David Beckham sues Mark Wahlberg over F45 investment loss
Former football star David Beckham is taking legal action against Hollywood actor Mark Wahlberg over a failed celebrity endorsement deal with the troubled F45 fitness franchise which allegedly cost him $US10 million.
Beckham’s action relates to Wahlberg having been instrumental in signing him to a deal in 2020 which led to Beckham becoming one of F45’s celebrity ambassadors before its public float on the New York Stock Exchange the following year.
After becoming a global brand ambassador for F45, Beckham stated “I’ve been a fan of the F45 franchise and training model since being introduced by my friend Mark Wahlberg.”
The pair, who reportedly were once neighbours and friends when Beckham played in Los Angeles are now on opposite sides of a US District Court legal battle over shares in the company that Beckham was promised.
As reported by News Ltd, Wahlberg was a significant investor in F45 at the time of Beckham’s agreement and a director of the fitness group.
Beckham’s firm DB Ventures Ltd (DVBL) alleges he lost more than $US10 million when F45 stocks he was promised were withheld until after the company’s share price plummeted from its IPO price of $US16 to below $US3 in 2022 - one year after the float.
His lawyers claim this delay cost him millions in potential profit.
F45 struck multimillion-dollar endorsement deals with other celebrities such as basketballer Magic Johnson, Australian golfer Greg Norman and supermodel Cindy Crawford. They were deemed crucial to the fitness group getting its name familiar with US gym enthusiasts.
In its financial statements last year when Beckham and Norman first took legal action against the group, F45 advised “the company disputes these claims and intends to vigorously defend itself.”
The most lucrative celebrity endorsement deal belonged to Wahlberg. He received 2.74 million share rights, which vested with the IPO at a valuation of just under $US44 million, and sold more than $US10 million worth of stock in the year following the float.
Wahlberg was also part of a group that invested $US100 million in F45 back in 2019. Wahlberg and his business partners sold $US25 million worth of shares at $US16 each ahead of F45’s NYSE public debut, but also offloaded 3.2 million shares to Australian fund manager L1 Capital in 2020.
F45’s share price was struggling within months of its public debut and was barely above the $US10 mark by the year’s end.
What followed in 2022 proved to be disastrous for investors as F45 was forced to slash its earnings guidance in July and make workers redundant as the debt it was relying on to fuel franchisee expansion dried up. Shares dropped to a low of $US1.35 just a year after its stock market debut.
The company was ejected from the New York Stock Exchange last year, its stock last changing hands for just US15¢. Financial accounts released in October last year reported that it made a loss of more than $US370 million over the previous two financial years. The company has not given any financial updates since that time.

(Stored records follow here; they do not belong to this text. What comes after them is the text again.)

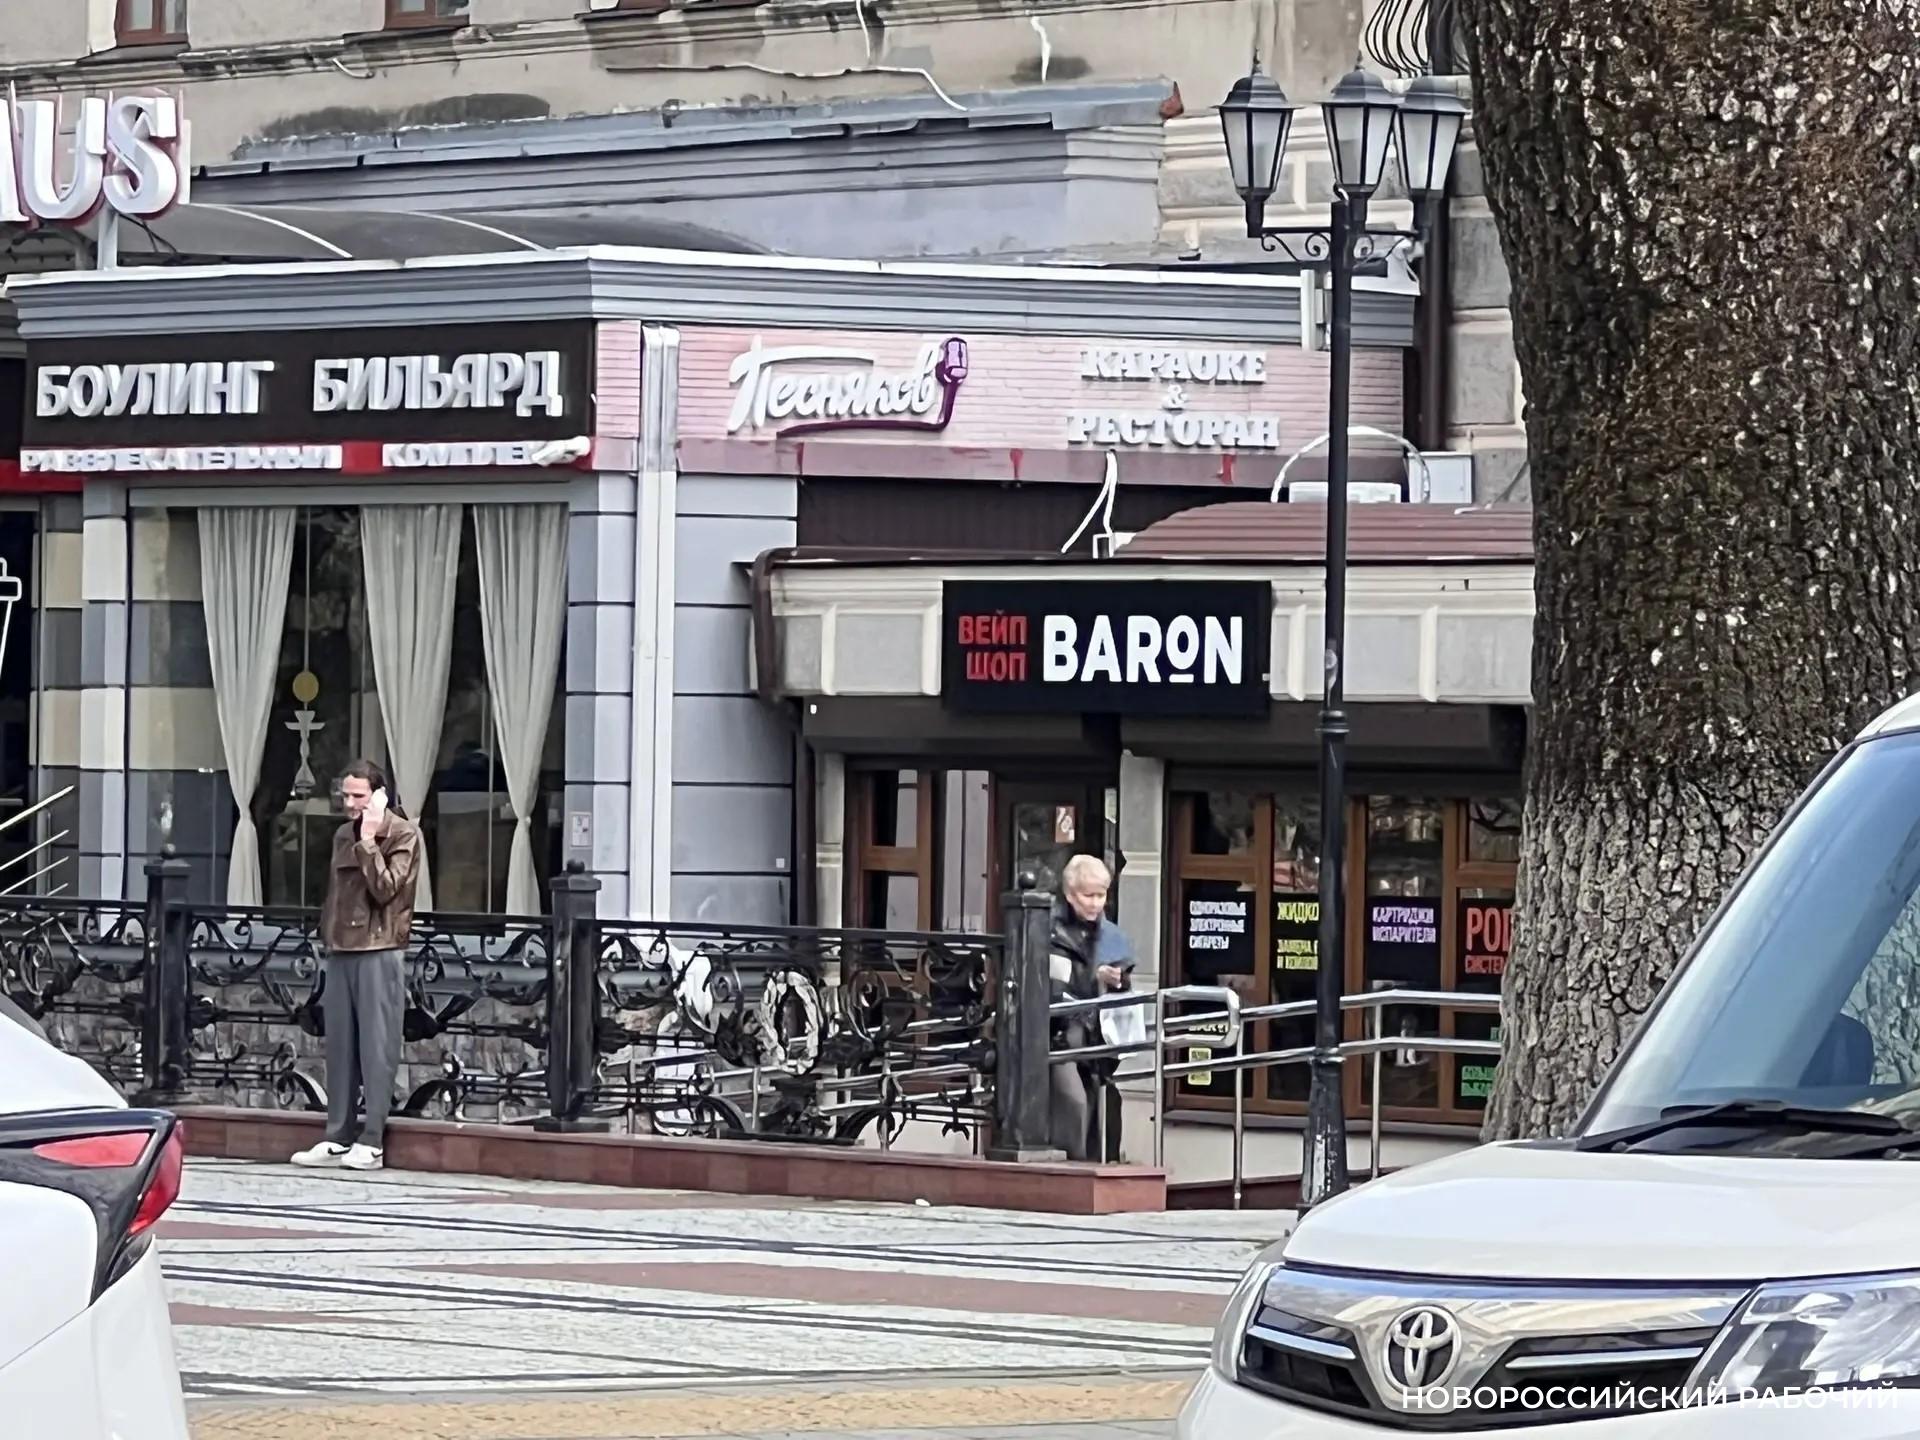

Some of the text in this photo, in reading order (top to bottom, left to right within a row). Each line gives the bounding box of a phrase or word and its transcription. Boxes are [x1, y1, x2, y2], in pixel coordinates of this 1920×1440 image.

[0, 96, 177, 221] US
[37, 351, 563, 417] БОУЛИНГ БИЛЬЯРД
[1080, 350, 1267, 384] КАРАОКЕ
[1163, 384, 1190, 411] &
[1067, 413, 1280, 449] РЕСТОРАН
[958, 609, 1027, 645] ВЕЙП
[966, 652, 1026, 681] ШОП
[1043, 614, 1243, 684] BARON
[1277, 902, 1319, 923] ЖИДКО
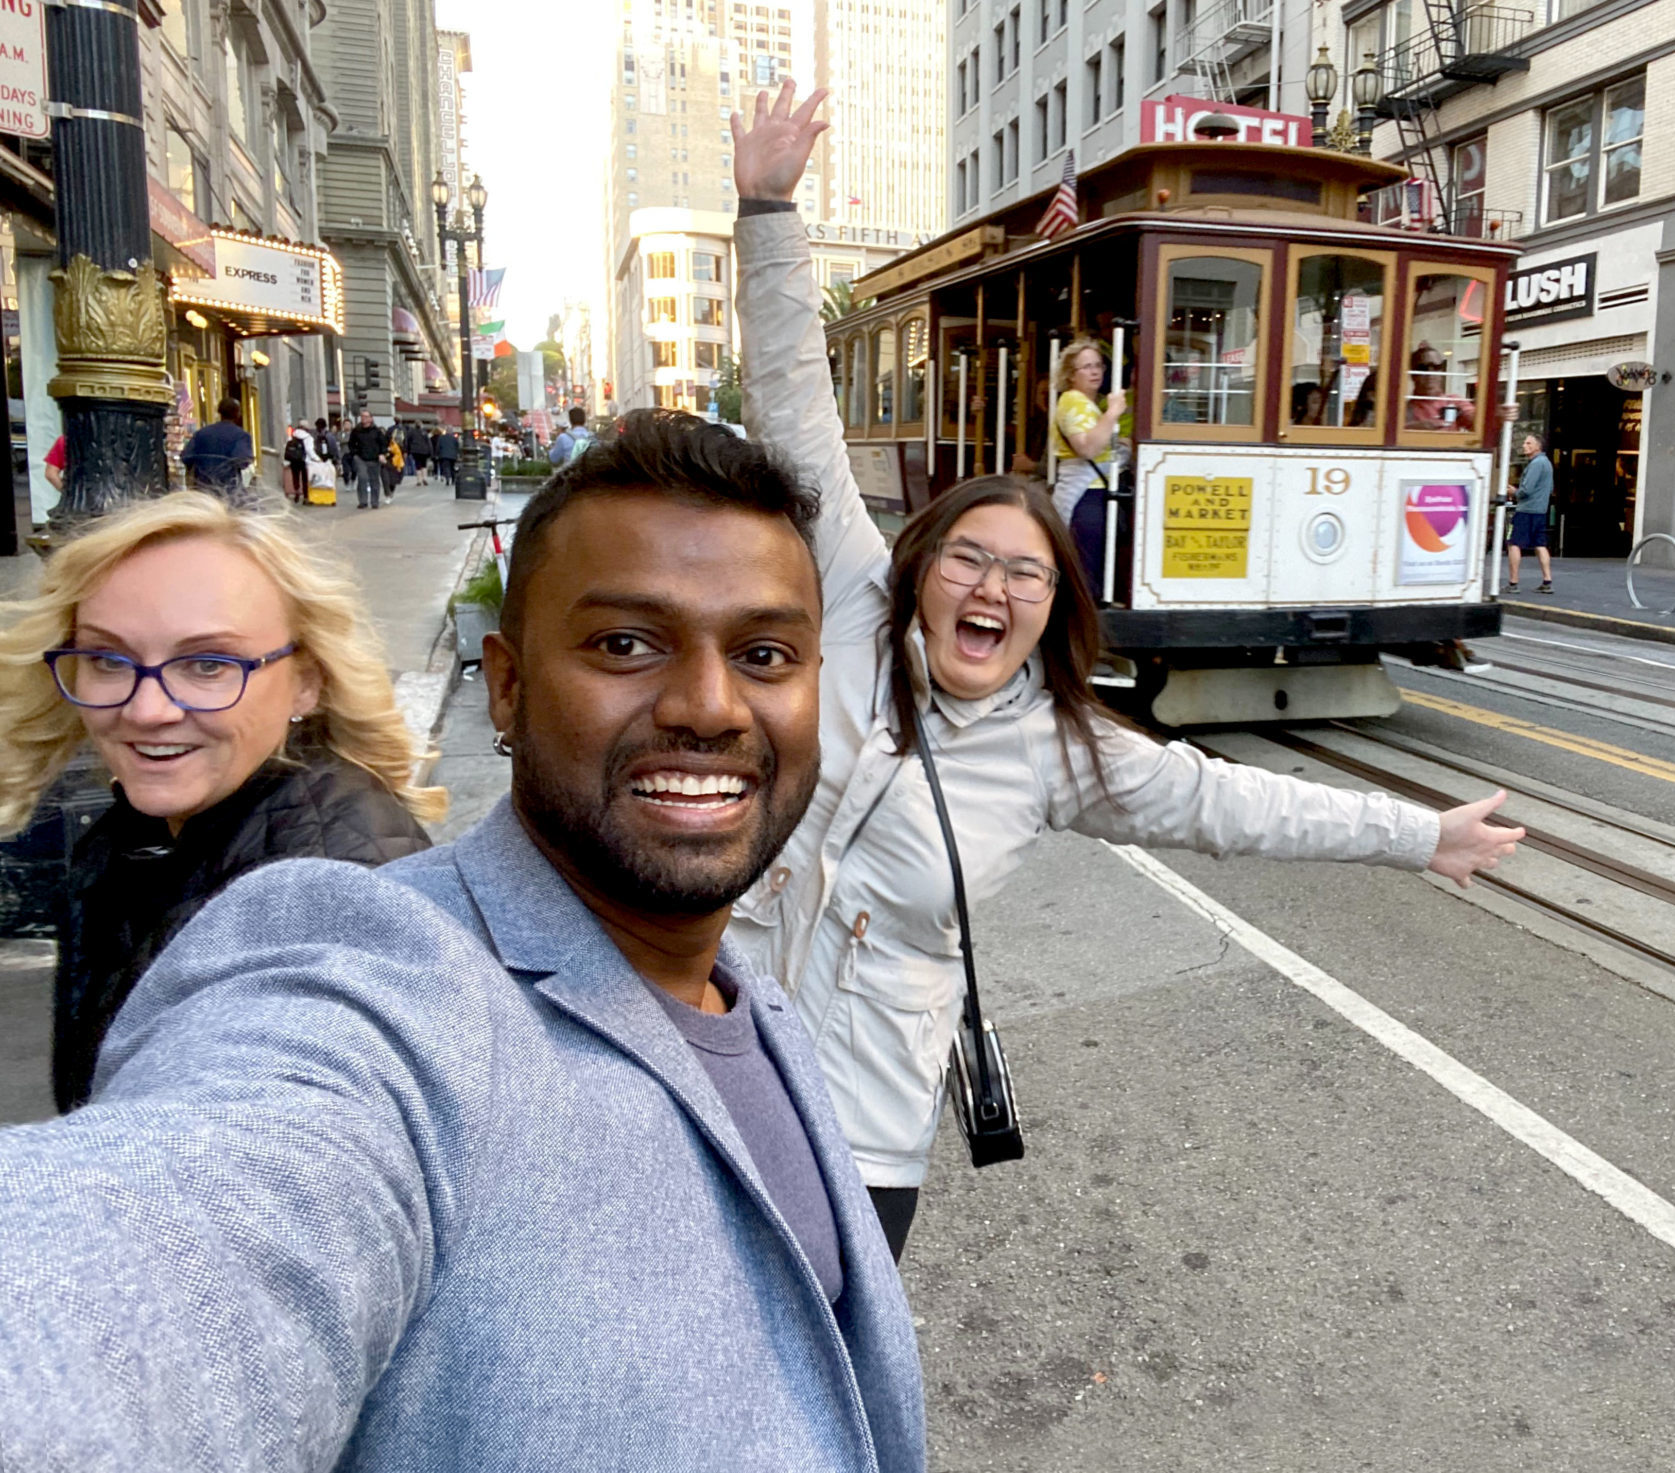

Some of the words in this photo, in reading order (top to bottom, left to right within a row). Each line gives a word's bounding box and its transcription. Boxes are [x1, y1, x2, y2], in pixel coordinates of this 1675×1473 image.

[839, 225, 898, 245] FIFTH
[225, 266, 278, 285] EXPRESS
[1504, 262, 1587, 311] LUSH
[1303, 467, 1351, 495] 19
[1170, 484, 1248, 497] POWELL
[1192, 498, 1230, 507] AND
[1168, 508, 1249, 520] MARKET
[1165, 535, 1187, 548] BAY

Beckham’s DVBL is seeking damages directly from Wahlberg’s investment group - which owns his stake in F45 - as well as F45’s Australian founders, Adam Gilchrist and Rob Deutsch.

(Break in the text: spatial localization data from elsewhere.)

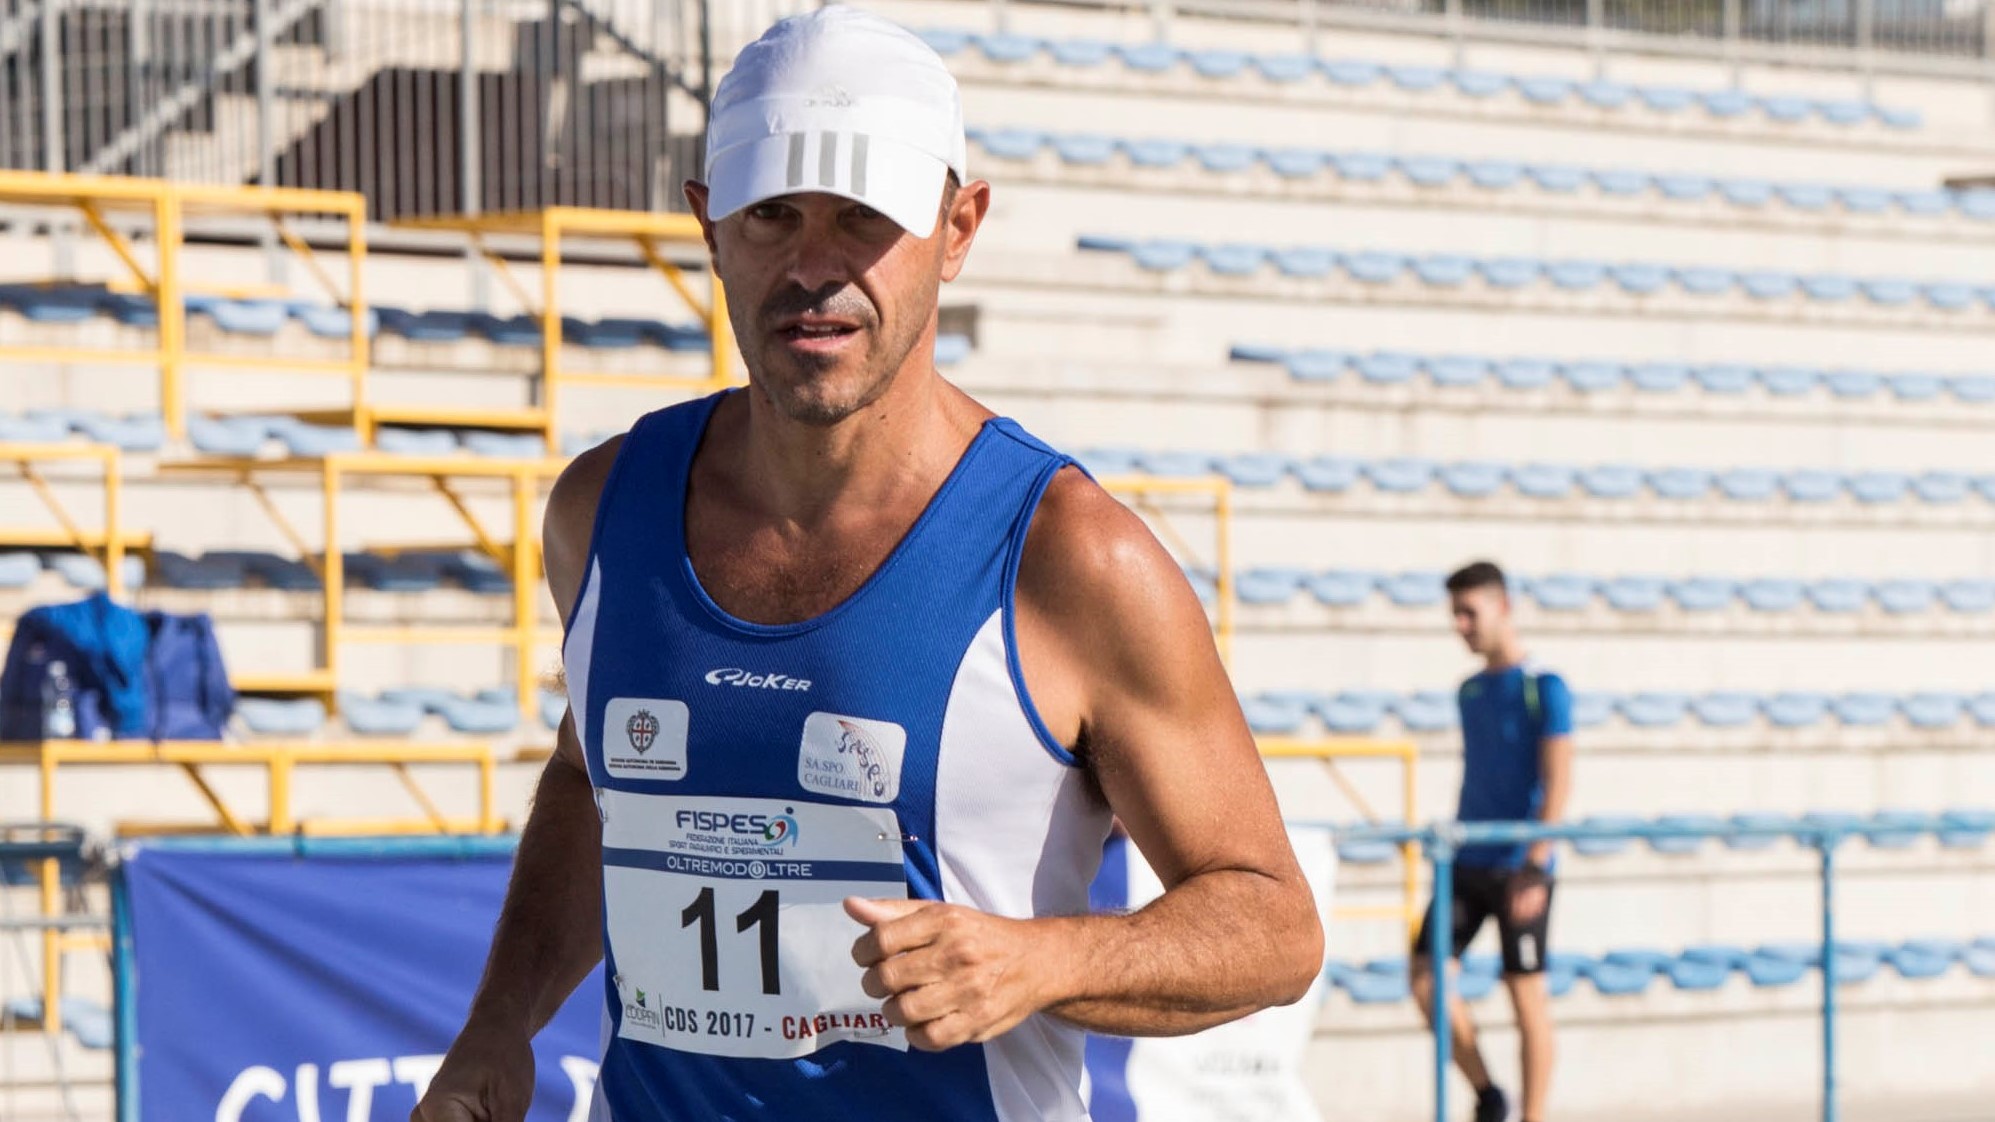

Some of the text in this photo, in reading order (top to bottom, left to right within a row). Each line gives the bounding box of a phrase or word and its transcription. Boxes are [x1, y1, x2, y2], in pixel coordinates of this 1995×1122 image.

[804, 773, 859, 792] CAGLIARI
[676, 810, 767, 834] FISPES
[728, 837, 759, 846] ITALIANA
[682, 886, 781, 995] 11
[665, 1006, 699, 1034] CDS
[707, 1011, 755, 1038] 2017
[782, 1013, 894, 1040] CAGLIAR

According to documents seen by UK newspaper The Sun Wahlberg and his co-defendants claim the allegations of “fraudulent conduct” are baseless and have asked for the lawsuit to be dismissed.
F45 failed to have the lawsuit dismissed in September last year.
Beckham is not the only party pursuing legal action against F45, its founders and Wahlberg. F45 investors have launched a class action against the company as well as current and former board members including Wahlberg and Gilchrist. Pledge Capital is the lead plaintiff and US law firm Labaton Sucharow is its legal representative.
The investors allege misleading statements were made by the group ahead of its public float in July 2021 (which valued the business at more than US$1.5 billion). F45 denies this.
Images: David Beckham (top) and Mark Wahlberg and F45's then Chief Executive Adam Gilchrist on the New York Stock Exchange floor in July 2021 (below).